How depressing. If we're distressed at the thought of liberation then the bars of containment exist within our own minds. The door is open, we just have to step out.


Most people in this econonic system have to work to earn a wage in order to pay for their living. That combined with large swathes of people being made redundant and not able to earn said wage is gonna be a problem.

With all due respect, if the economic system no longer serves us, then we deserve one that does.

Deserving and getting are 2 totally different things here. The problem is in the not getting.

Came here to say this. Nobody is saying "I want to work forever", we're saying "can we not replace work while our entire global civilization is predicated on working to survive?"

JFC, if AI replaces work wholesale right now billions of people will die before society is reshaped accordingly. More people need to think of immediate systemic impacts instead of the high-fantasy post-work future the AI folk are selling.

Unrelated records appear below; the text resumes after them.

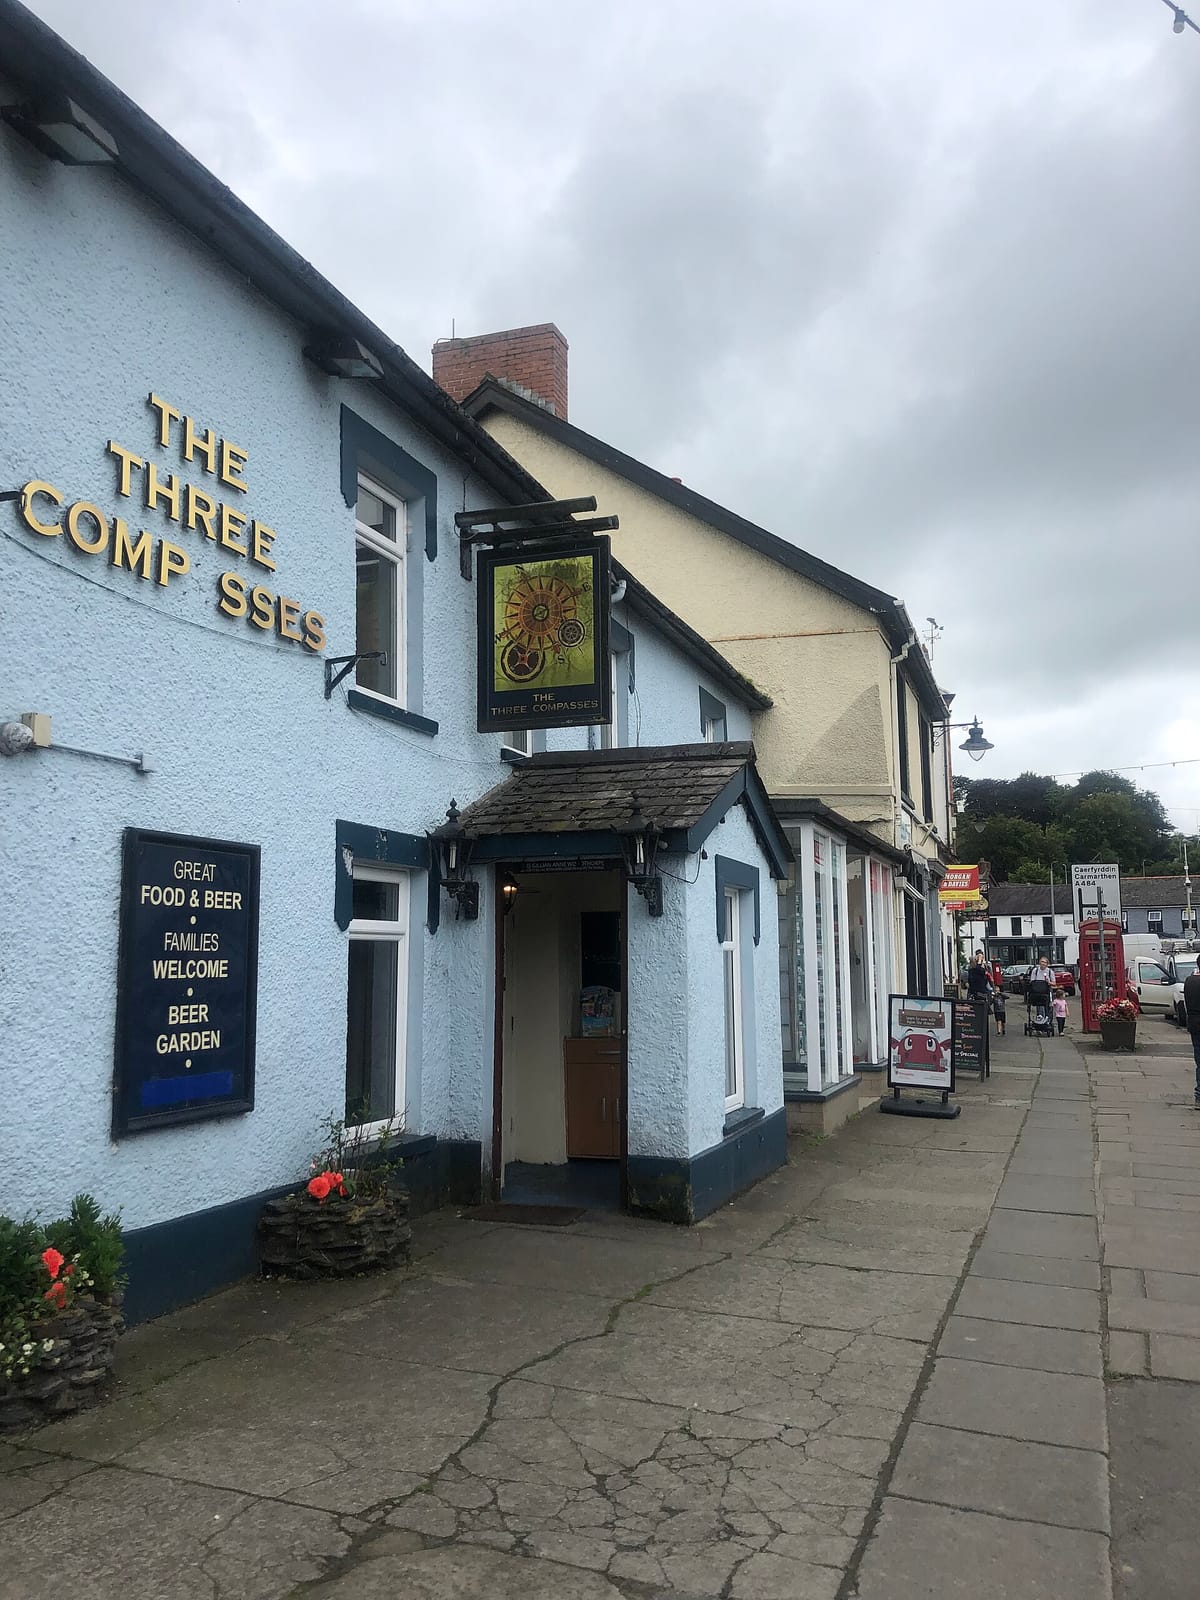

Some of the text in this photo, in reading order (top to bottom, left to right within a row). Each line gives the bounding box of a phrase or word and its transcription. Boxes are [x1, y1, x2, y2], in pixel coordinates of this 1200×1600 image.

[149, 392, 248, 494] THE
[107, 440, 277, 572] THREE
[491, 700, 598, 716] THREE COMPASSES
[533, 693, 555, 702] THE
[174, 860, 217, 882] GREAT
[141, 885, 242, 910] FOOD & BEER
[164, 932, 219, 952] FAMILIES
[153, 959, 229, 979] WELCOME
[168, 1004, 209, 1025] BEER
[156, 1030, 221, 1054] GARDEN
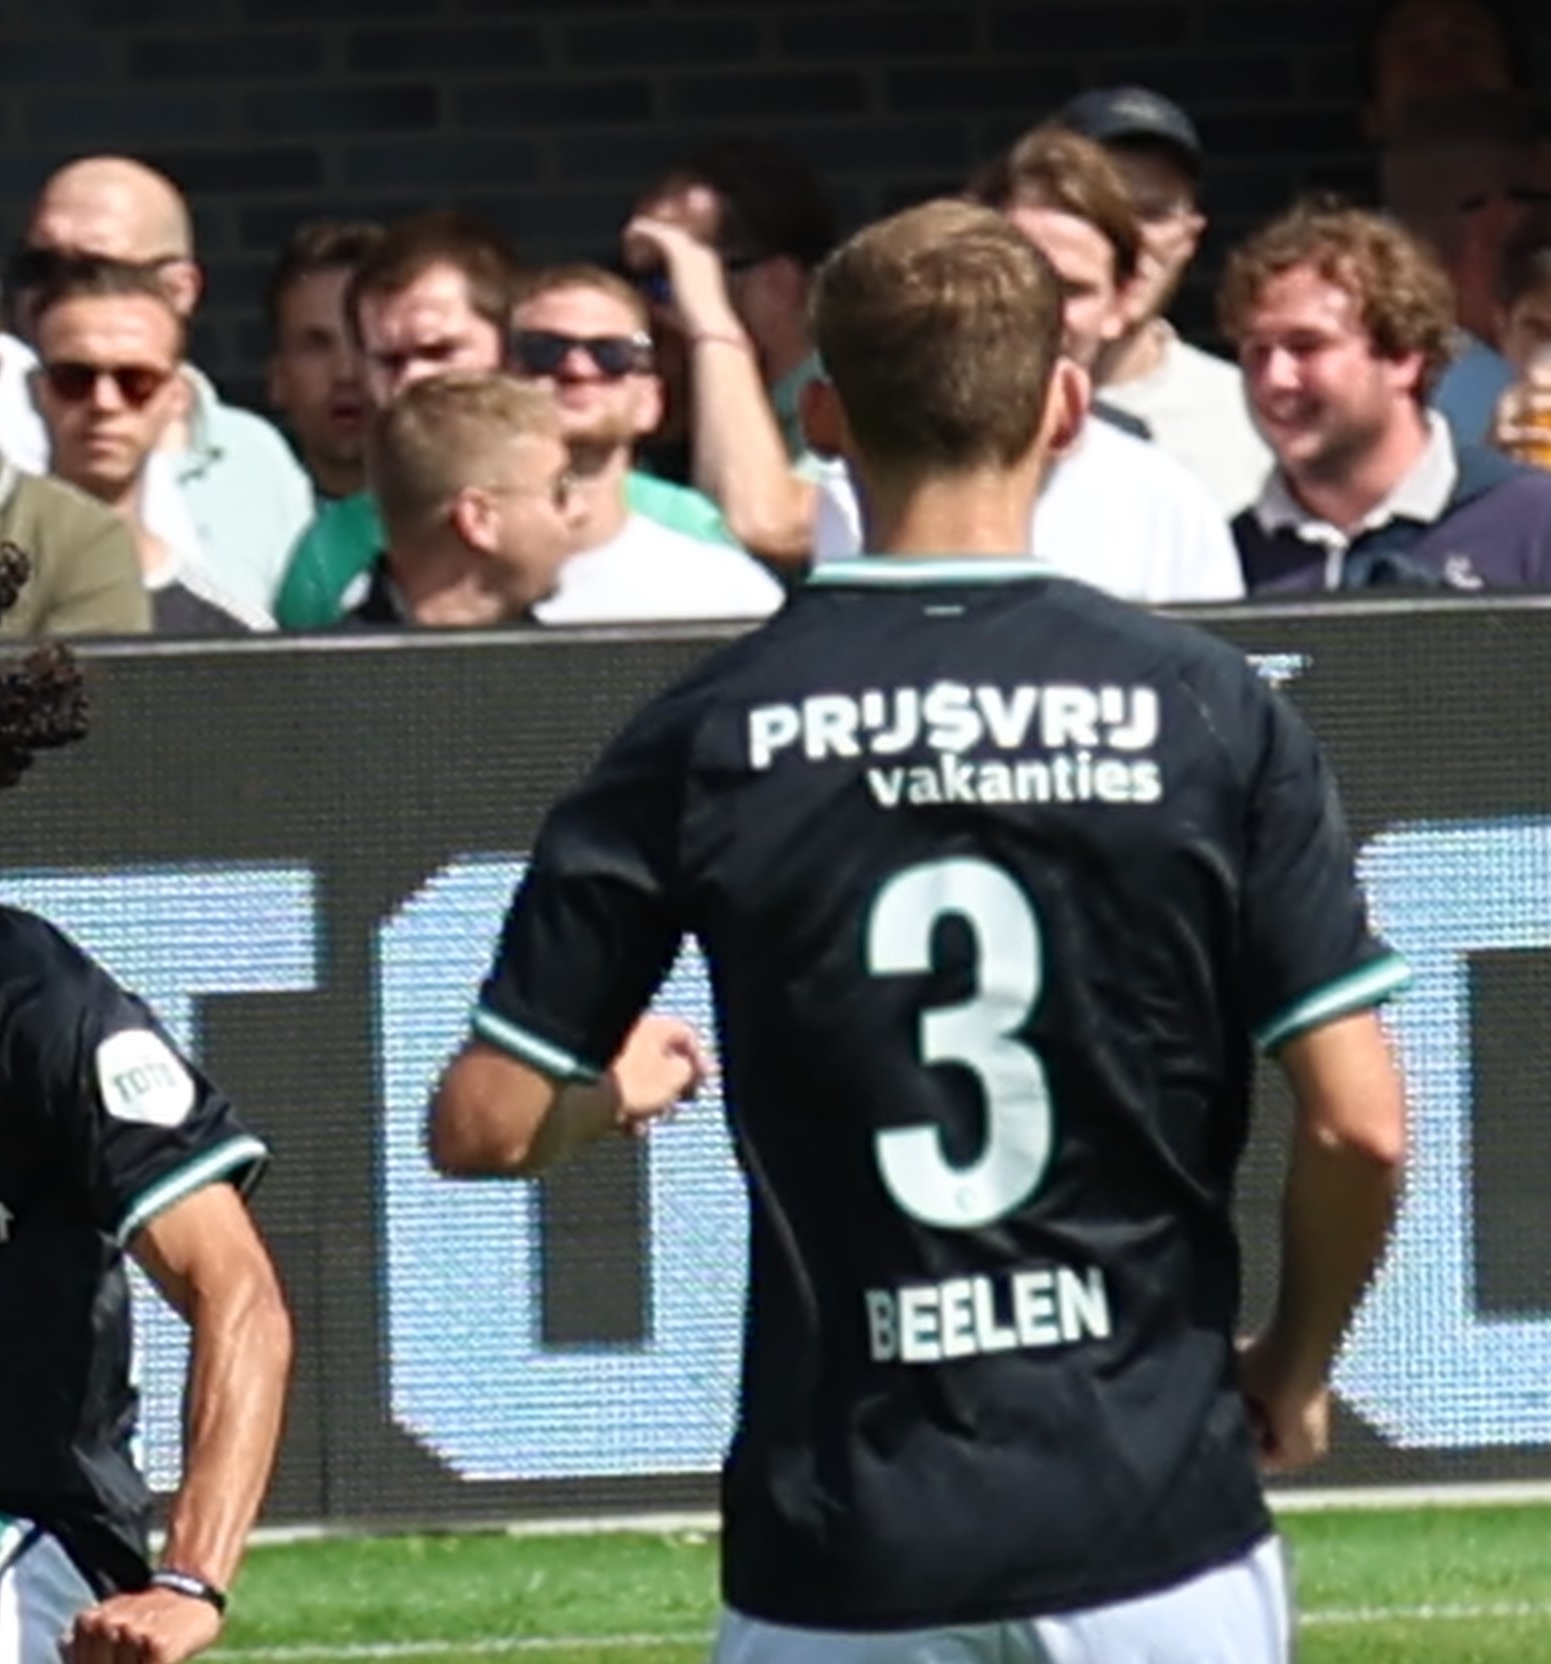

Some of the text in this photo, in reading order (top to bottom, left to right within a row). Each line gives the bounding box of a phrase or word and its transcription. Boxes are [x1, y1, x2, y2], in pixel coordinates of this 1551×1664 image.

[869, 752, 1162, 808] vakanties
[868, 857, 1052, 1228] 3
[866, 1266, 1112, 1362] BEELEN

> if AI replaces work wholesale right now billions of people will die before society is reshaped accordingly.

Don't worry, the economists will slap the label "natural readjustment of labour supply levels" on this phenomenon, and it will make everything morally better.

Edit: in fact, we have historic precedents in e.g. Indian famines and how the British administrations talked about them and handled them [0][1]. Ah, malthusianism and undisguised racism, what a mixture. Of course, nobody counts those as part of "the millions of victims of Capitalism".

[0] Rune Møller Stahl, "The Economics of Starvation: Laissez-Faire Ideology and Famine in Colonial India": https://www.researchgate.net/publication/304189843_The_Econo...

[1] Jayant Chandel, "Political Economy of Famines in the British Empire: An Analysis of the Great Famines in India from 1876–1879" (PDF): https://www.journalofpoliticalscience.com/uploads/archives/8...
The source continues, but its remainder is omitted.